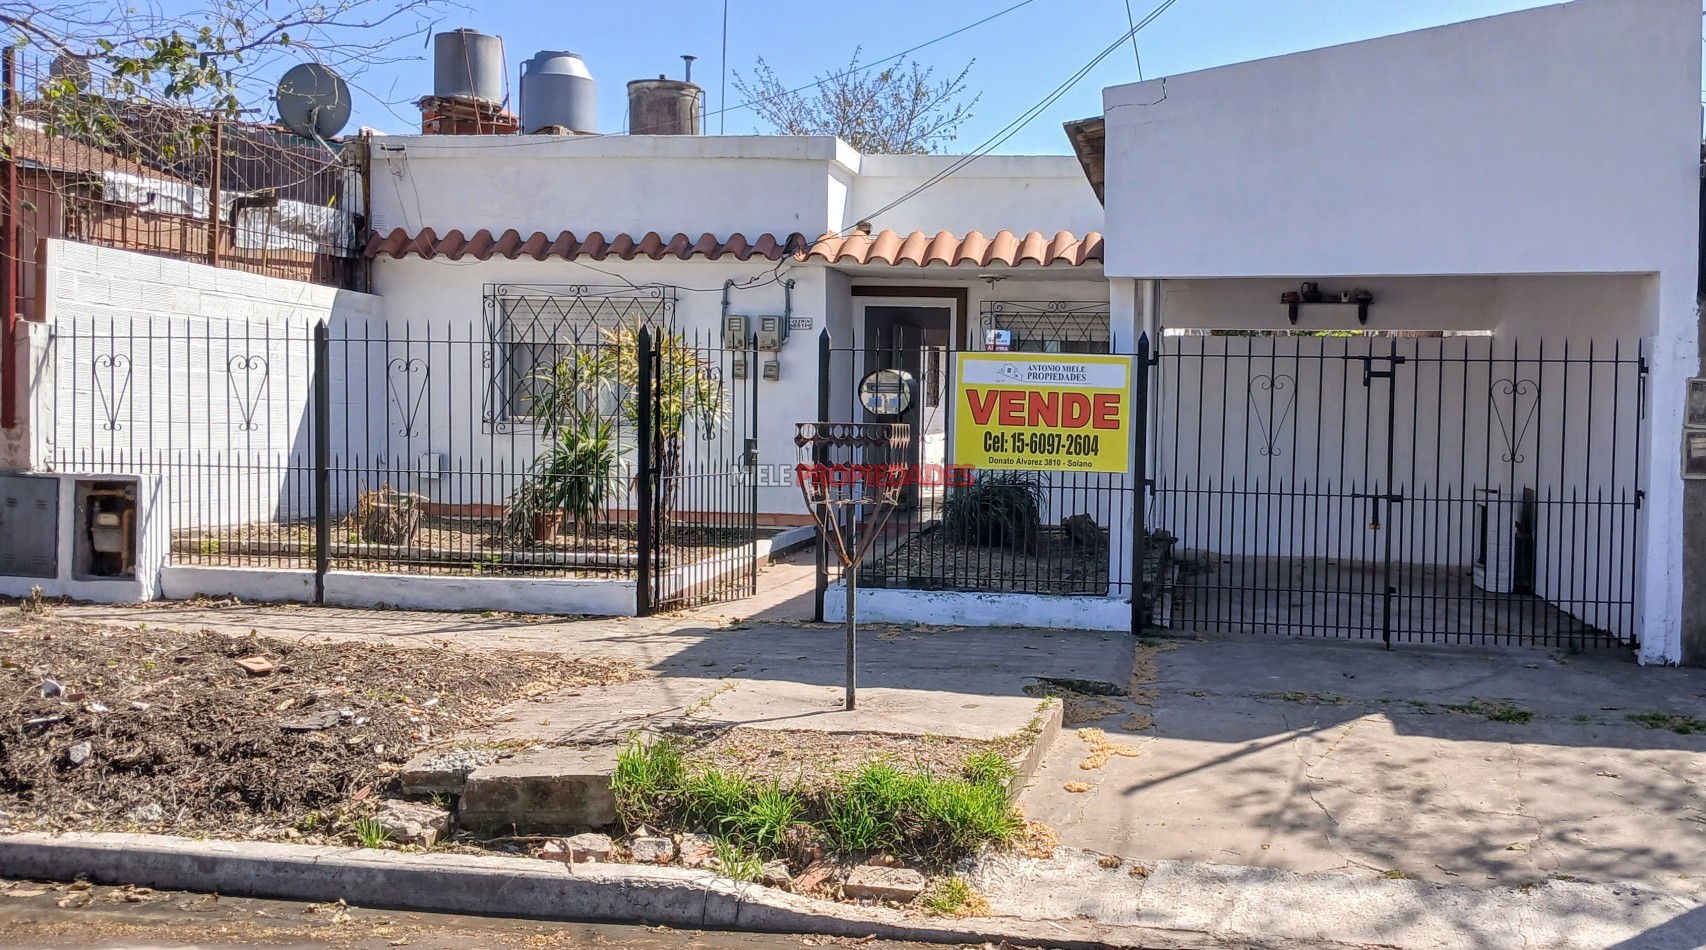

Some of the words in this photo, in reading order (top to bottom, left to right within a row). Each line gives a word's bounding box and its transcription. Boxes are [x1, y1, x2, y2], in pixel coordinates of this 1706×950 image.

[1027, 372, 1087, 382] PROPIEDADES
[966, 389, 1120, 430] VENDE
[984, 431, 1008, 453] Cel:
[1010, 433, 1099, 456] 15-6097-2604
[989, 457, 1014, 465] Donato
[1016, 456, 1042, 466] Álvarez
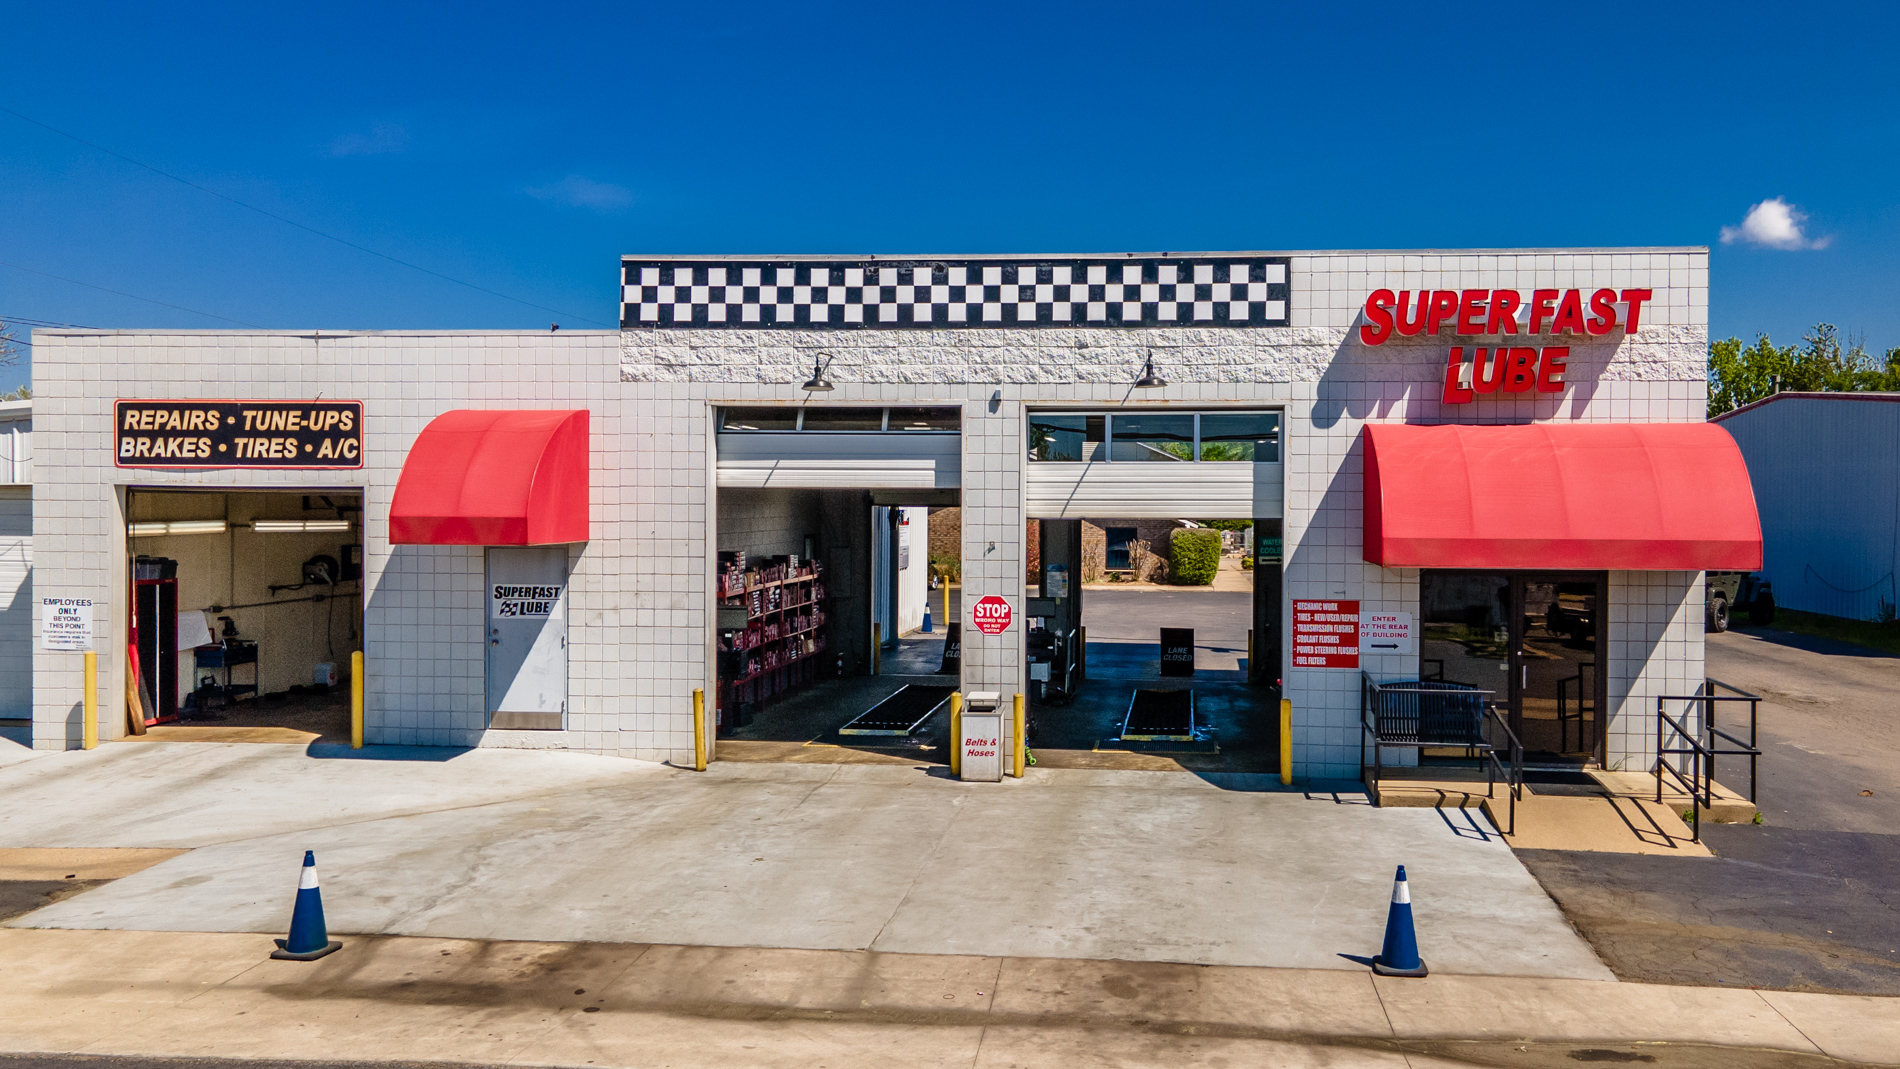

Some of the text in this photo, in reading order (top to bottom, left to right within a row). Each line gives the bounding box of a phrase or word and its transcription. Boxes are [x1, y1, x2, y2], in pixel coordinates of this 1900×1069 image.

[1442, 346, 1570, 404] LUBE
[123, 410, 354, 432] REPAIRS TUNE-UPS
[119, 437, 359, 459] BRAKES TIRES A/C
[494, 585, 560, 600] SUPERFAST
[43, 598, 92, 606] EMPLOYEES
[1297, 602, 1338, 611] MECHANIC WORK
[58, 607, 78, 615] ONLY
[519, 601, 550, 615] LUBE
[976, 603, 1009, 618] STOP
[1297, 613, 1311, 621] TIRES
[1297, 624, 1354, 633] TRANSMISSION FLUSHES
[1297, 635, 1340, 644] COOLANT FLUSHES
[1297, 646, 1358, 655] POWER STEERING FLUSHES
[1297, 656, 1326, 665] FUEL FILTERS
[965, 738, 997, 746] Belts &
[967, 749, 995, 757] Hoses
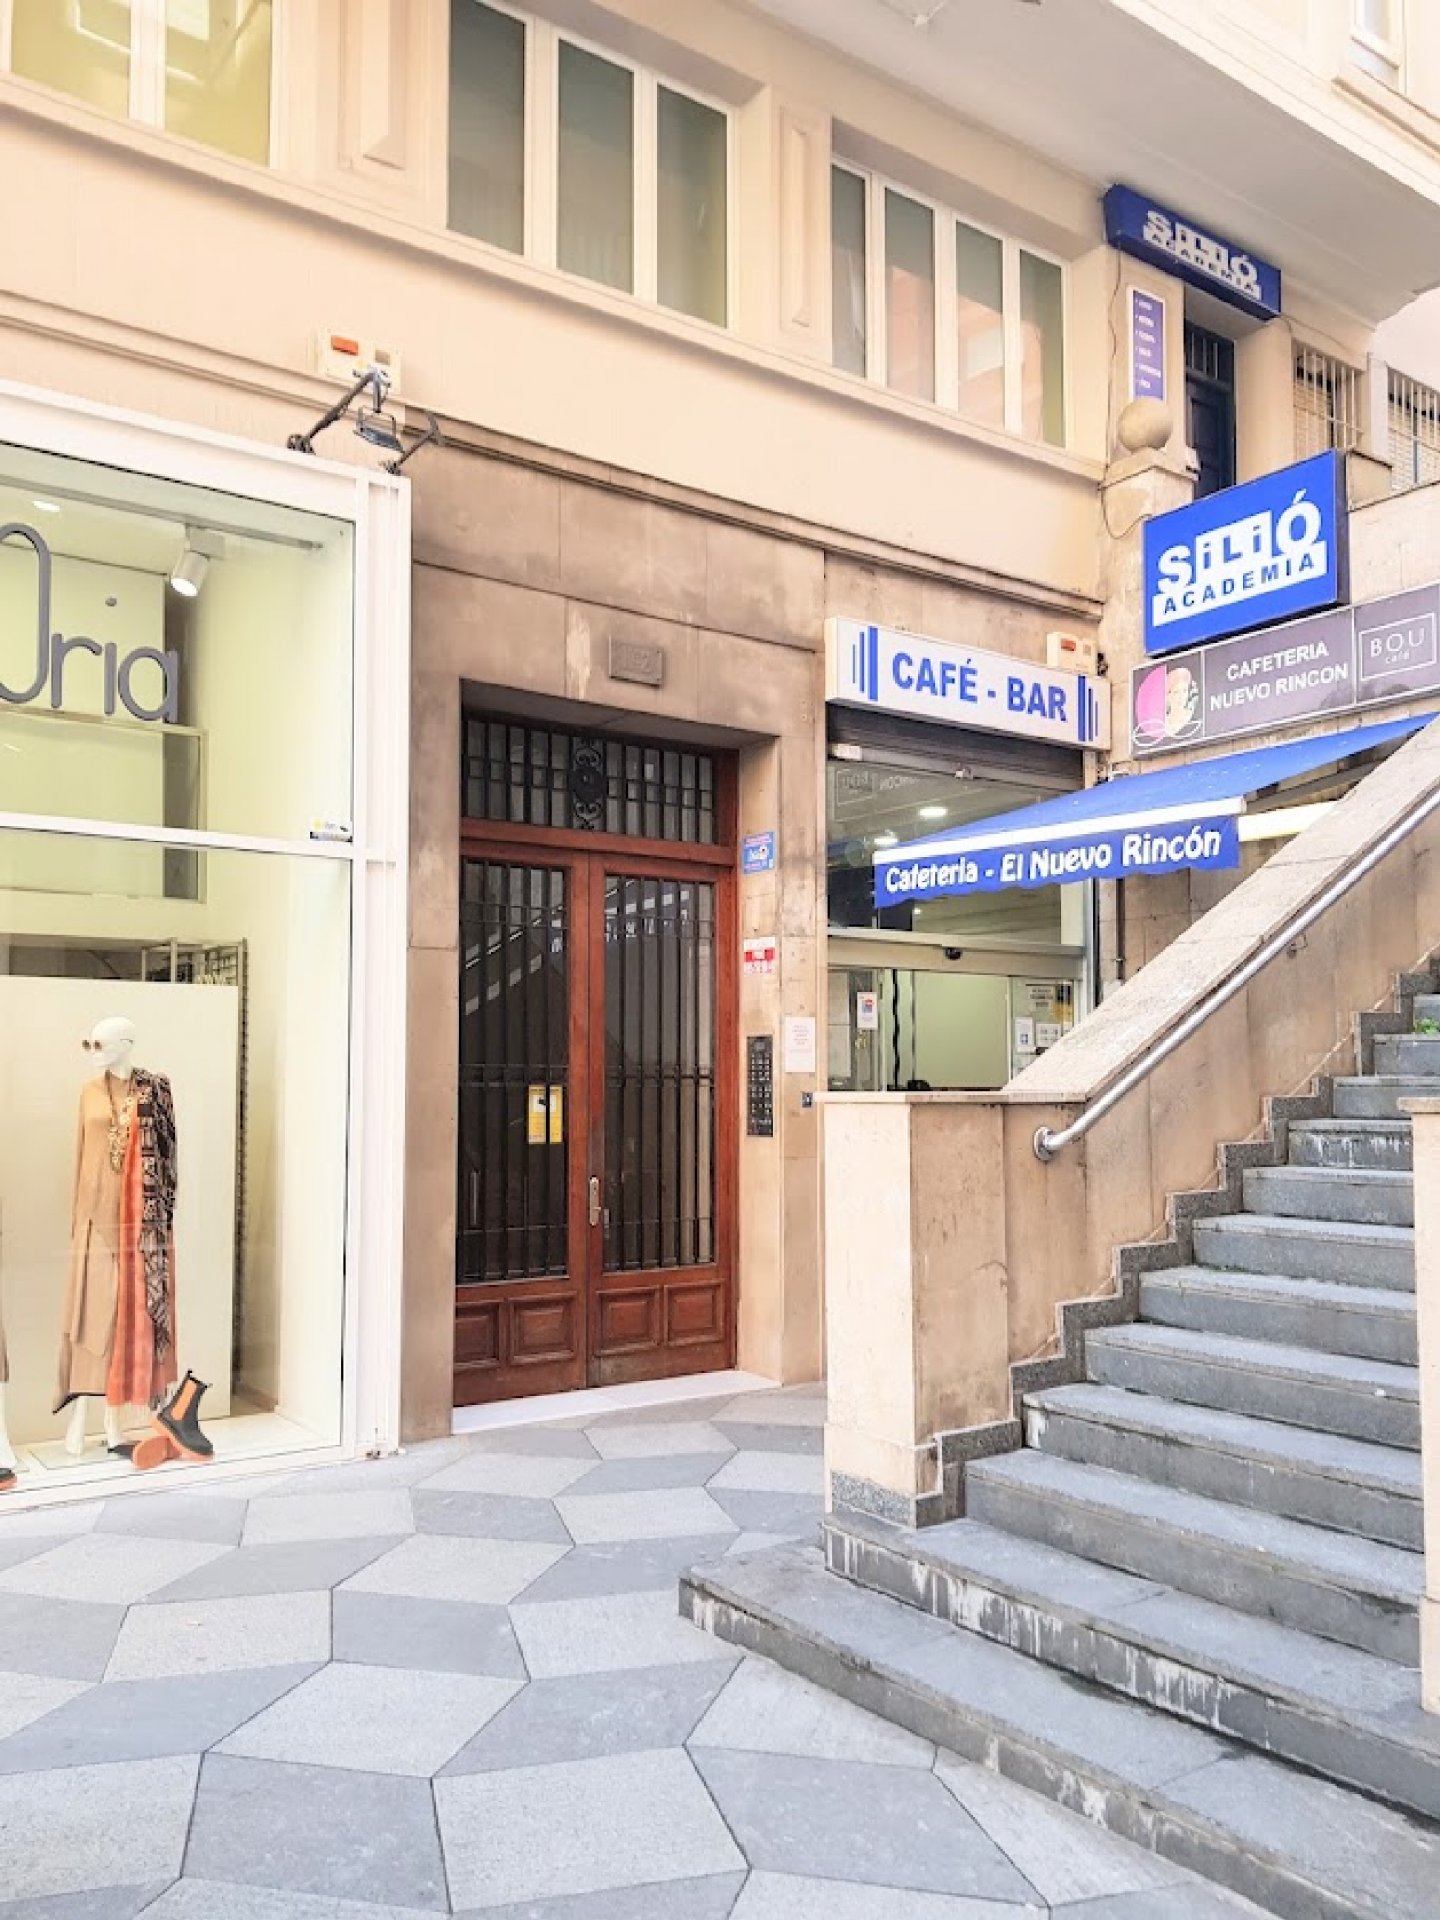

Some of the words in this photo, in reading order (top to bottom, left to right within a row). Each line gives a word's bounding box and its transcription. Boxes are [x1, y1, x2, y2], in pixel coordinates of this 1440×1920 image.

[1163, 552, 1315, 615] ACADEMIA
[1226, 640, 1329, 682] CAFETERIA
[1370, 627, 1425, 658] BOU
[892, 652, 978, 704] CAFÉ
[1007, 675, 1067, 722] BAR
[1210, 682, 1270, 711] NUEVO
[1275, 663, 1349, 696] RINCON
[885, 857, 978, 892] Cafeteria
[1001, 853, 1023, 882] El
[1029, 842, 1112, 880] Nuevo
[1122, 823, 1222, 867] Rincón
************
◆ **Task objective**
Exclude every picture, then reproduce the remaining data character for character.

◆ **Task response**
Some of the words in this photo, in reading order (top to bottom, left to right within a row). Each line gives a word's bounding box and its transcription. Boxes are [x1, y1, x2, y2], in pixel coordinates of this 1706×950 image.

[1027, 372, 1087, 382] PROPIEDADES
[966, 389, 1120, 430] VENDE
[984, 431, 1008, 453] Cel:
[1010, 433, 1099, 456] 15-6097-2604
[989, 457, 1014, 465] Donato
[1016, 456, 1042, 466] Álvarez

Some of the text in this photo, in reading order (top to bottom, left to right within a row). Each line gives the bounding box of a phrase or word and its transcription. Boxes are [x1, y1, x2, y2], in pixel coordinates of this 1900×1069 image.

[1442, 346, 1570, 404] LUBE
[123, 410, 354, 432] REPAIRS TUNE-UPS
[119, 437, 359, 459] BRAKES TIRES A/C
[494, 585, 560, 600] SUPERFAST
[43, 598, 92, 606] EMPLOYEES
[1297, 602, 1338, 611] MECHANIC WORK
[58, 607, 78, 615] ONLY
[519, 601, 550, 615] LUBE
[976, 603, 1009, 618] STOP
[1297, 613, 1311, 621] TIRES
[1297, 624, 1354, 633] TRANSMISSION FLUSHES
[1297, 635, 1340, 644] COOLANT FLUSHES
[1297, 646, 1358, 655] POWER STEERING FLUSHES
[1297, 656, 1326, 665] FUEL FILTERS
[965, 738, 997, 746] Belts &
[967, 749, 995, 757] Hoses

Some of the words in this photo, in reading order (top to bottom, left to right within a row). Each line gives a word's bounding box and its transcription. Boxes are [x1, y1, x2, y2], in pixel coordinates of this 1440×1920 image.

[1163, 552, 1315, 615] ACADEMIA
[1226, 640, 1329, 682] CAFETERIA
[1370, 627, 1425, 658] BOU
[892, 652, 978, 704] CAFÉ
[1007, 675, 1067, 722] BAR
[1210, 682, 1270, 711] NUEVO
[1275, 663, 1349, 696] RINCON
[885, 857, 978, 892] Cafeteria
[1001, 853, 1023, 882] El
[1029, 842, 1112, 880] Nuevo
[1122, 823, 1222, 867] Rincón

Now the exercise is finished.